*** RECORDS TO PROCESS ***

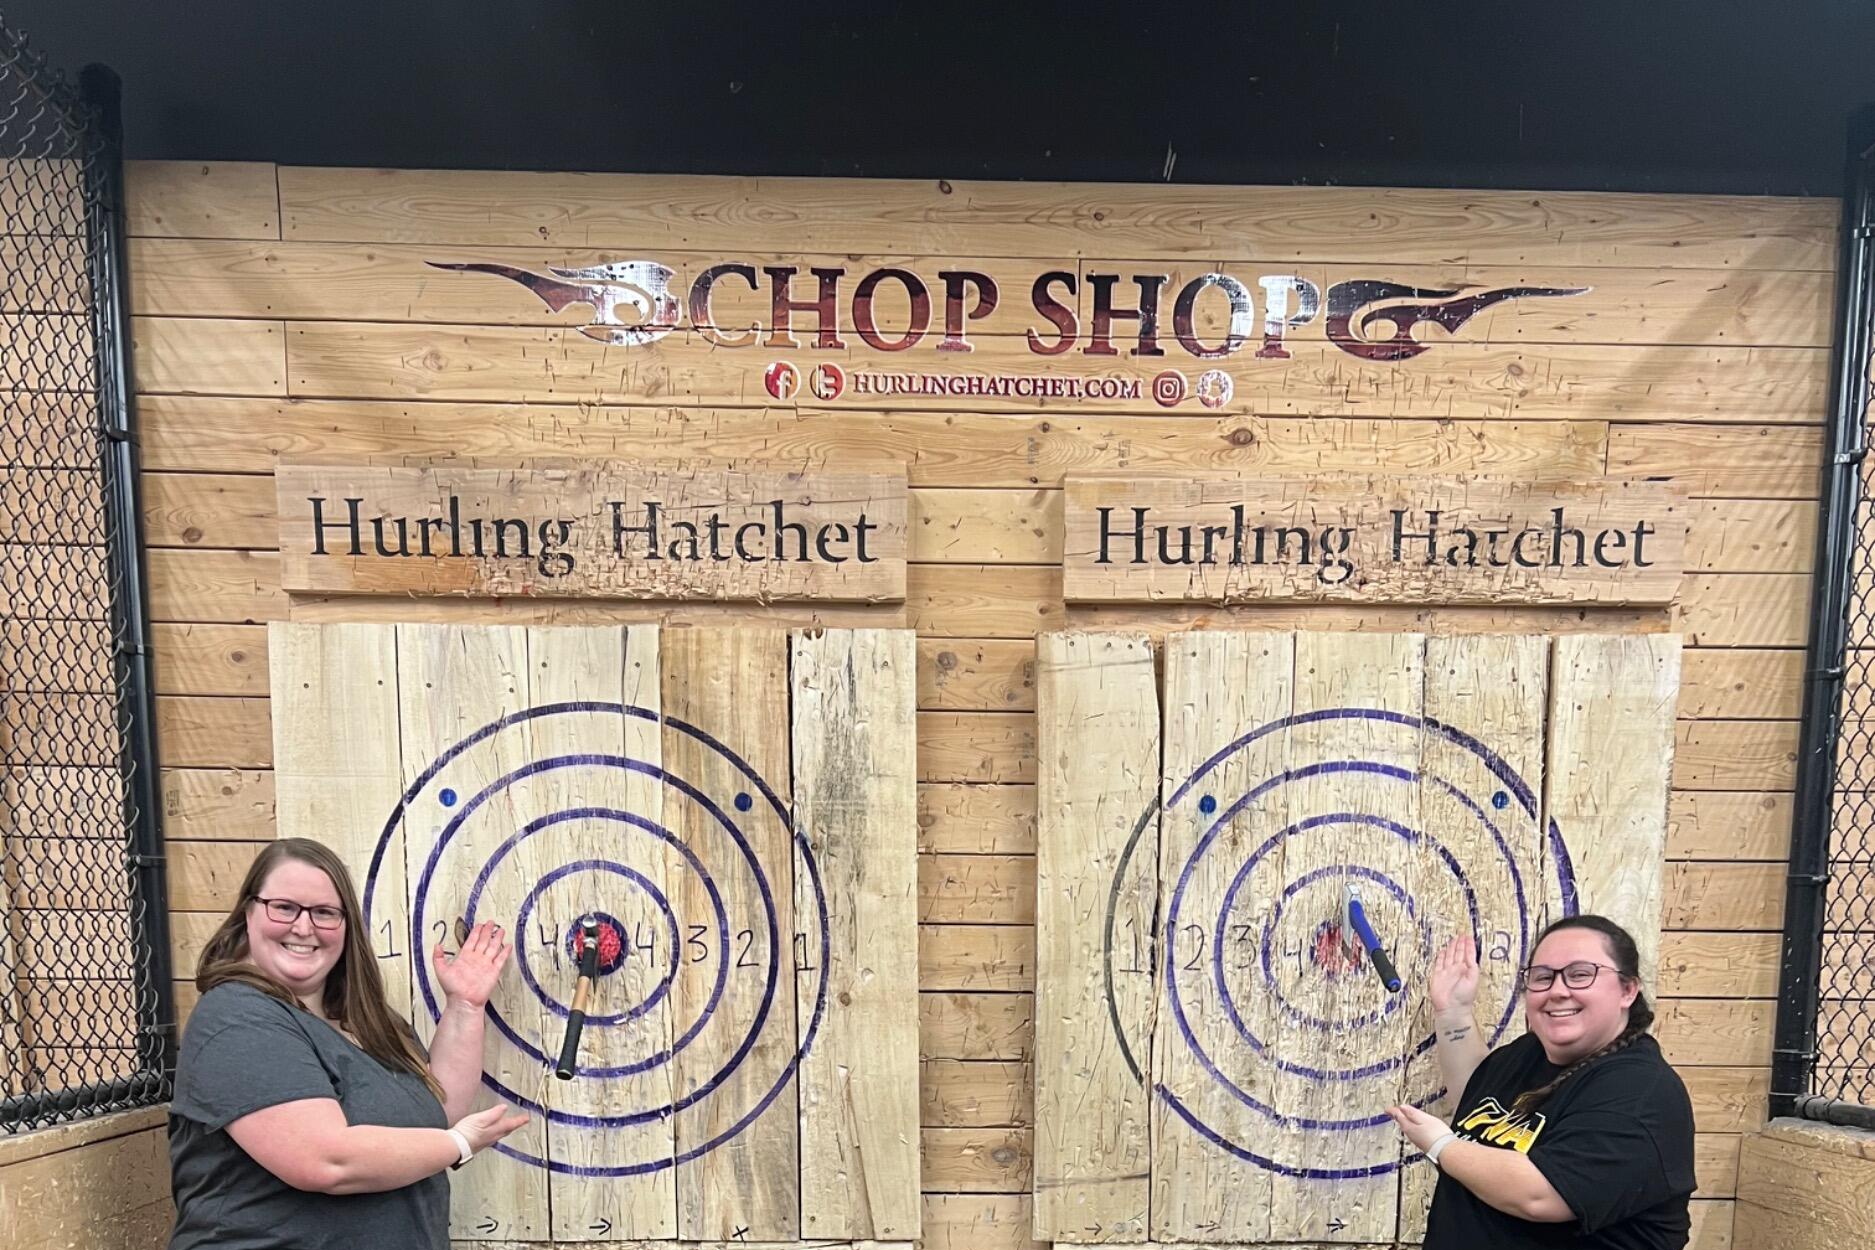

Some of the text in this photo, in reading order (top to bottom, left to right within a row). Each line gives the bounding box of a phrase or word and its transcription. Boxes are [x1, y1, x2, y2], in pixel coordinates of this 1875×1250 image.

[687, 262, 1322, 360] CHOP SHOP
[852, 371, 1143, 400] HURLINGHATCHET.COM
[307, 496, 879, 578] Hurling Hatchet
[1094, 504, 1655, 585] Hurling Hatchet
[377, 919, 402, 959] 1
[540, 923, 560, 971] 4
[635, 921, 656, 968] 4
[687, 924, 709, 963] 3
[735, 929, 760, 969] 2
[795, 932, 816, 972] 1
[1119, 917, 1145, 974] 1
[1182, 924, 1205, 972] 2
[1232, 924, 1257, 969] 3
[1489, 930, 1511, 963] 2
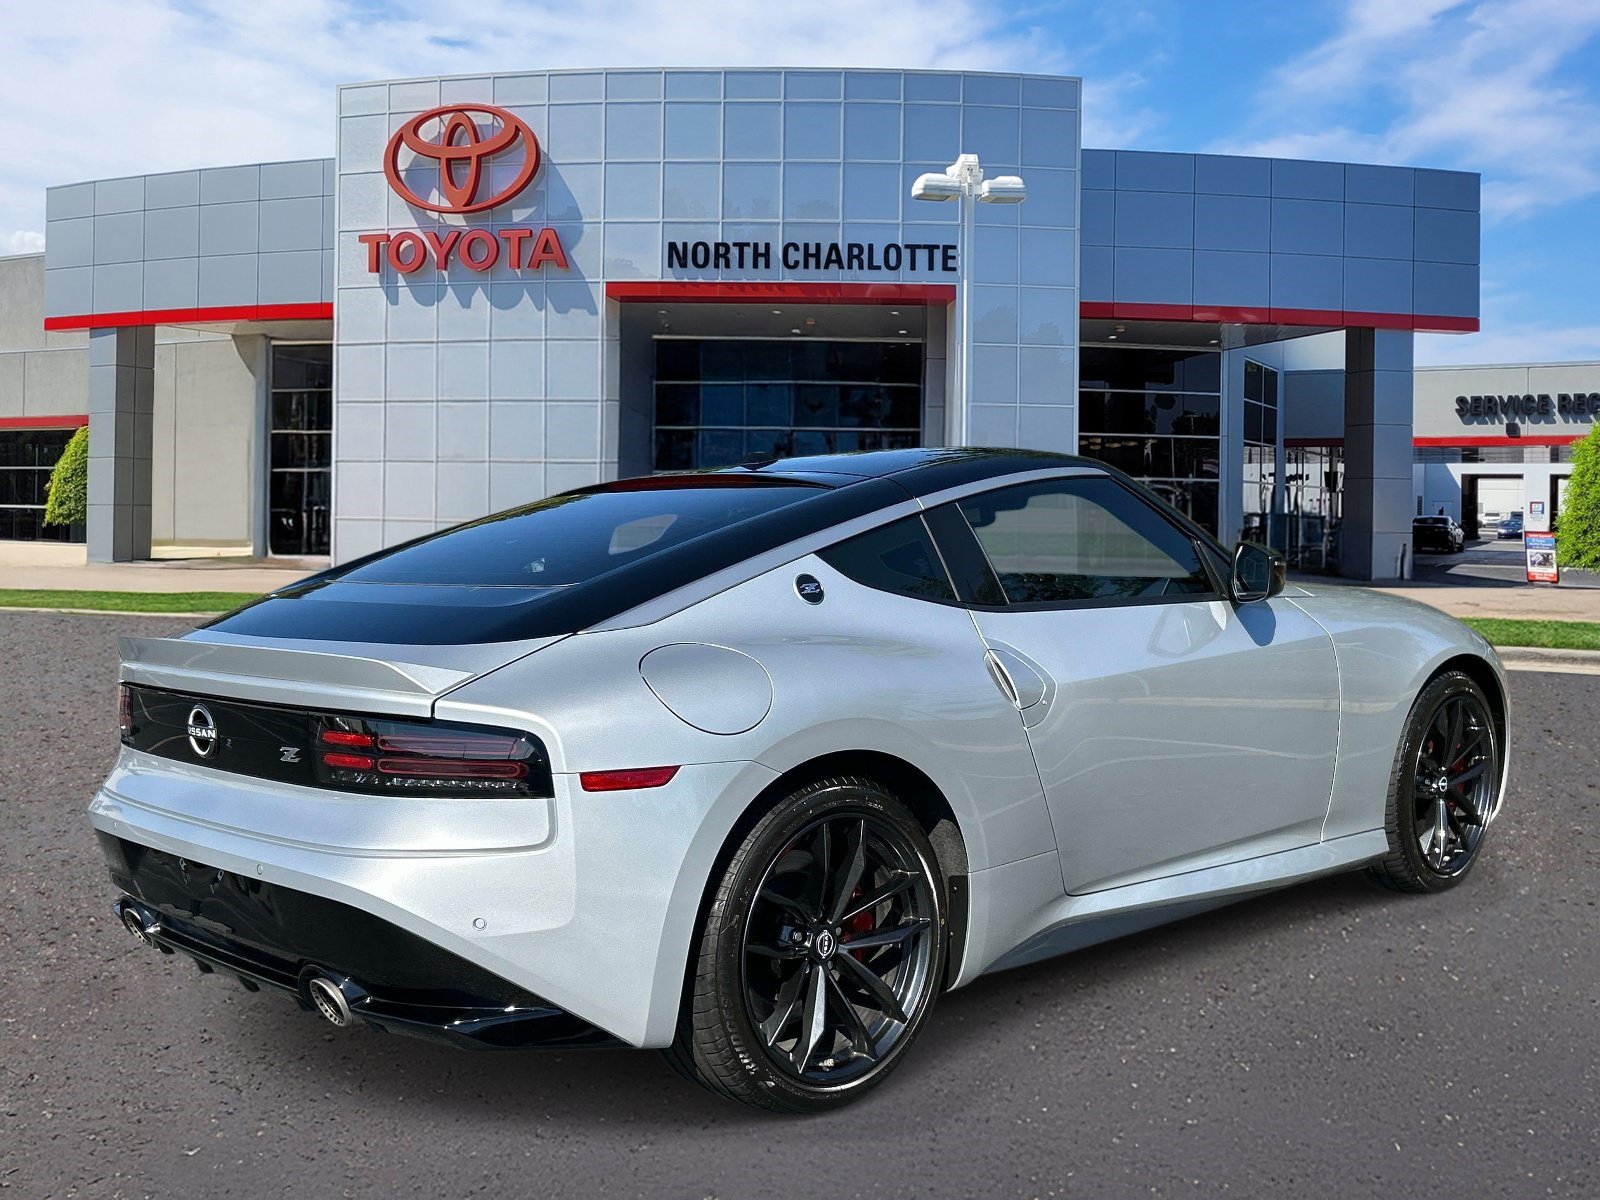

*** End of RECORDS TO PROCESS ***

### REQUIRED WORK
Strip out the pictures and reproduce the remaining material above exactly.

### RESULT
Some of the text in this photo, in reading order (top to bottom, left to right within a row). Each line gives the bounding box of a phrase or word and its transcription. Boxes are [x1, y1, x2, y2], in pixel coordinates of this 1875×1250 image.

[687, 262, 1322, 360] CHOP SHOP
[852, 371, 1143, 400] HURLINGHATCHET.COM
[307, 496, 879, 578] Hurling Hatchet
[1094, 504, 1655, 585] Hurling Hatchet
[377, 919, 402, 959] 1
[540, 923, 560, 971] 4
[635, 921, 656, 968] 4
[687, 924, 709, 963] 3
[735, 929, 760, 969] 2
[795, 932, 816, 972] 1
[1119, 917, 1145, 974] 1
[1182, 924, 1205, 972] 2
[1232, 924, 1257, 969] 3
[1489, 930, 1511, 963] 2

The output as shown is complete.